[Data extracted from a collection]
#####
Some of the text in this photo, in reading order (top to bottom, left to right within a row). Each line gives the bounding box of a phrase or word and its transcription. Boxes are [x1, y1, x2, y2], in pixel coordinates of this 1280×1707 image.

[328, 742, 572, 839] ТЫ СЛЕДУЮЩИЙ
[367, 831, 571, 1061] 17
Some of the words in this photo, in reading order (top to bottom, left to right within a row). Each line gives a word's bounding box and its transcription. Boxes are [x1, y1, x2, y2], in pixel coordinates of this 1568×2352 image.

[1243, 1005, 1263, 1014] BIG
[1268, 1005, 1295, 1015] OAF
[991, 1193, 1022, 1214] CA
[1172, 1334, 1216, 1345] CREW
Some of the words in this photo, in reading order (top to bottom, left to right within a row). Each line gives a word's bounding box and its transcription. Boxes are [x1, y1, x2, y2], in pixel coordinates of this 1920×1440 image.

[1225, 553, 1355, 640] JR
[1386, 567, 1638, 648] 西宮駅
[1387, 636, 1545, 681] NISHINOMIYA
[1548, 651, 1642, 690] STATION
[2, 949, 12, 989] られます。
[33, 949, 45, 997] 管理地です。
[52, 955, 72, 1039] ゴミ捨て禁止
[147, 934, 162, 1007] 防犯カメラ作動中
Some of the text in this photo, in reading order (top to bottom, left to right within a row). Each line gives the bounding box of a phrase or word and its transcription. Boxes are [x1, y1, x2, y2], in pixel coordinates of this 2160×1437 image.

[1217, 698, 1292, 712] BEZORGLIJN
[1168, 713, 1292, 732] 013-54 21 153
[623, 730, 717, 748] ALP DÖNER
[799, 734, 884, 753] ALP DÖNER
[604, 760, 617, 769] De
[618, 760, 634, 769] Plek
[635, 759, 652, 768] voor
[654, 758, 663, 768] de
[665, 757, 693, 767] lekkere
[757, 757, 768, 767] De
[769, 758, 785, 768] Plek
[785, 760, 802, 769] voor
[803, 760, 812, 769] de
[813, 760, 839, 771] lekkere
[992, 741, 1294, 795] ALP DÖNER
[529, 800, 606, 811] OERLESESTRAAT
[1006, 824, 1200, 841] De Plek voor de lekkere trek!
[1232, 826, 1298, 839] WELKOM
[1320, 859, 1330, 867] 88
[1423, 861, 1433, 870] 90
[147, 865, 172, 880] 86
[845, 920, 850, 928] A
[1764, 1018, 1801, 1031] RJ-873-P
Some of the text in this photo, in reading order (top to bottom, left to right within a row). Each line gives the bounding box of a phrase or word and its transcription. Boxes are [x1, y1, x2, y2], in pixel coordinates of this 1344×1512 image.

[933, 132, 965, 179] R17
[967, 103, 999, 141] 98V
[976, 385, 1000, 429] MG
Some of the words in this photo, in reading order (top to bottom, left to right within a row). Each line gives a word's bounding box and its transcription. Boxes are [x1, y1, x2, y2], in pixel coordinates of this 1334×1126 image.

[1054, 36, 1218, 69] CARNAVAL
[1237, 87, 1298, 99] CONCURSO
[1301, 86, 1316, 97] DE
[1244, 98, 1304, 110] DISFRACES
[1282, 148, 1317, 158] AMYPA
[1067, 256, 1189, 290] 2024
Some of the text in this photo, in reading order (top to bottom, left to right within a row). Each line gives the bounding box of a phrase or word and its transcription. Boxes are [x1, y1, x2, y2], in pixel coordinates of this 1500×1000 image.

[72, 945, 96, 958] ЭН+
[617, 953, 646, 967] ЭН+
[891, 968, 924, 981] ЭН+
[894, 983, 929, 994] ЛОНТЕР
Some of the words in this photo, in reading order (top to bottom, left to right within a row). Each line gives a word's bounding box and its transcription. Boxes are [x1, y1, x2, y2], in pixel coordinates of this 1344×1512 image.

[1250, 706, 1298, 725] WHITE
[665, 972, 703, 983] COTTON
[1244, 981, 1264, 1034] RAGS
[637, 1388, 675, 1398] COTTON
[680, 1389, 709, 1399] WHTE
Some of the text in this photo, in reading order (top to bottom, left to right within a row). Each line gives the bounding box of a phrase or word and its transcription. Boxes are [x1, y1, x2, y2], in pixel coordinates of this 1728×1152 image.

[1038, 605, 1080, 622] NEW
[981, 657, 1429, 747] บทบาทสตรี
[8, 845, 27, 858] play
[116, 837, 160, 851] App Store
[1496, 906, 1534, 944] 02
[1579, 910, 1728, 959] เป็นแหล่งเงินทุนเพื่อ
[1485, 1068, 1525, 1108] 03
#####
Exercise: All of the data above is to be given again, word for word.

Problem solution:
Some of the text in this photo, in reading order (top to bottom, left to right within a row). Each line gives the bounding box of a phrase or word and its transcription. Boxes are [x1, y1, x2, y2], in pixel coordinates of this 1280×1707 image.

[328, 742, 572, 839] ТЫ СЛЕДУЮЩИЙ
[367, 831, 571, 1061] 17
Some of the words in this photo, in reading order (top to bottom, left to right within a row). Each line gives a word's bounding box and its transcription. Boxes are [x1, y1, x2, y2], in pixel coordinates of this 1568×2352 image.

[1243, 1005, 1263, 1014] BIG
[1268, 1005, 1295, 1015] OAF
[991, 1193, 1022, 1214] CA
[1172, 1334, 1216, 1345] CREW
Some of the words in this photo, in reading order (top to bottom, left to right within a row). Each line gives a word's bounding box and its transcription. Boxes are [x1, y1, x2, y2], in pixel coordinates of this 1920×1440 image.

[1225, 553, 1355, 640] JR
[1386, 567, 1638, 648] 西宮駅
[1387, 636, 1545, 681] NISHINOMIYA
[1548, 651, 1642, 690] STATION
[2, 949, 12, 989] られます。
[33, 949, 45, 997] 管理地です。
[52, 955, 72, 1039] ゴミ捨て禁止
[147, 934, 162, 1007] 防犯カメラ作動中
Some of the text in this photo, in reading order (top to bottom, left to right within a row). Each line gives the bounding box of a phrase or word and its transcription. Boxes are [x1, y1, x2, y2], in pixel coordinates of this 2160×1437 image.

[1217, 698, 1292, 712] BEZORGLIJN
[1168, 713, 1292, 732] 013-54 21 153
[623, 730, 717, 748] ALP DÖNER
[799, 734, 884, 753] ALP DÖNER
[604, 760, 617, 769] De
[618, 760, 634, 769] Plek
[635, 759, 652, 768] voor
[654, 758, 663, 768] de
[665, 757, 693, 767] lekkere
[757, 757, 768, 767] De
[769, 758, 785, 768] Plek
[785, 760, 802, 769] voor
[803, 760, 812, 769] de
[813, 760, 839, 771] lekkere
[992, 741, 1294, 795] ALP DÖNER
[529, 800, 606, 811] OERLESESTRAAT
[1006, 824, 1200, 841] De Plek voor de lekkere trek!
[1232, 826, 1298, 839] WELKOM
[1320, 859, 1330, 867] 88
[1423, 861, 1433, 870] 90
[147, 865, 172, 880] 86
[845, 920, 850, 928] A
[1764, 1018, 1801, 1031] RJ-873-P
Some of the text in this photo, in reading order (top to bottom, left to right within a row). Each line gives the bounding box of a phrase or word and its transcription. Boxes are [x1, y1, x2, y2], in pixel coordinates of this 1344×1512 image.

[933, 132, 965, 179] R17
[967, 103, 999, 141] 98V
[976, 385, 1000, 429] MG
Some of the words in this photo, in reading order (top to bottom, left to right within a row). Each line gives a word's bounding box and its transcription. Boxes are [x1, y1, x2, y2], in pixel coordinates of this 1334×1126 image.

[1054, 36, 1218, 69] CARNAVAL
[1237, 87, 1298, 99] CONCURSO
[1301, 86, 1316, 97] DE
[1244, 98, 1304, 110] DISFRACES
[1282, 148, 1317, 158] AMYPA
[1067, 256, 1189, 290] 2024
Some of the text in this photo, in reading order (top to bottom, left to right within a row). Each line gives the bounding box of a phrase or word and its transcription. Boxes are [x1, y1, x2, y2], in pixel coordinates of this 1500×1000 image.

[72, 945, 96, 958] ЭН+
[617, 953, 646, 967] ЭН+
[891, 968, 924, 981] ЭН+
[894, 983, 929, 994] ЛОНТЕР
Some of the words in this photo, in reading order (top to bottom, left to right within a row). Each line gives a word's bounding box and its transcription. Boxes are [x1, y1, x2, y2], in pixel coordinates of this 1344×1512 image.

[1250, 706, 1298, 725] WHITE
[665, 972, 703, 983] COTTON
[1244, 981, 1264, 1034] RAGS
[637, 1388, 675, 1398] COTTON
[680, 1389, 709, 1399] WHTE
Some of the text in this photo, in reading order (top to bottom, left to right within a row). Each line gives the bounding box of a phrase or word and its transcription. Boxes are [x1, y1, x2, y2], in pixel coordinates of this 1728×1152 image.

[1038, 605, 1080, 622] NEW
[981, 657, 1429, 747] บทบาทสตรี
[8, 845, 27, 858] play
[116, 837, 160, 851] App Store
[1496, 906, 1534, 944] 02
[1579, 910, 1728, 959] เป็นแหล่งเงินทุนเพื่อ
[1485, 1068, 1525, 1108] 03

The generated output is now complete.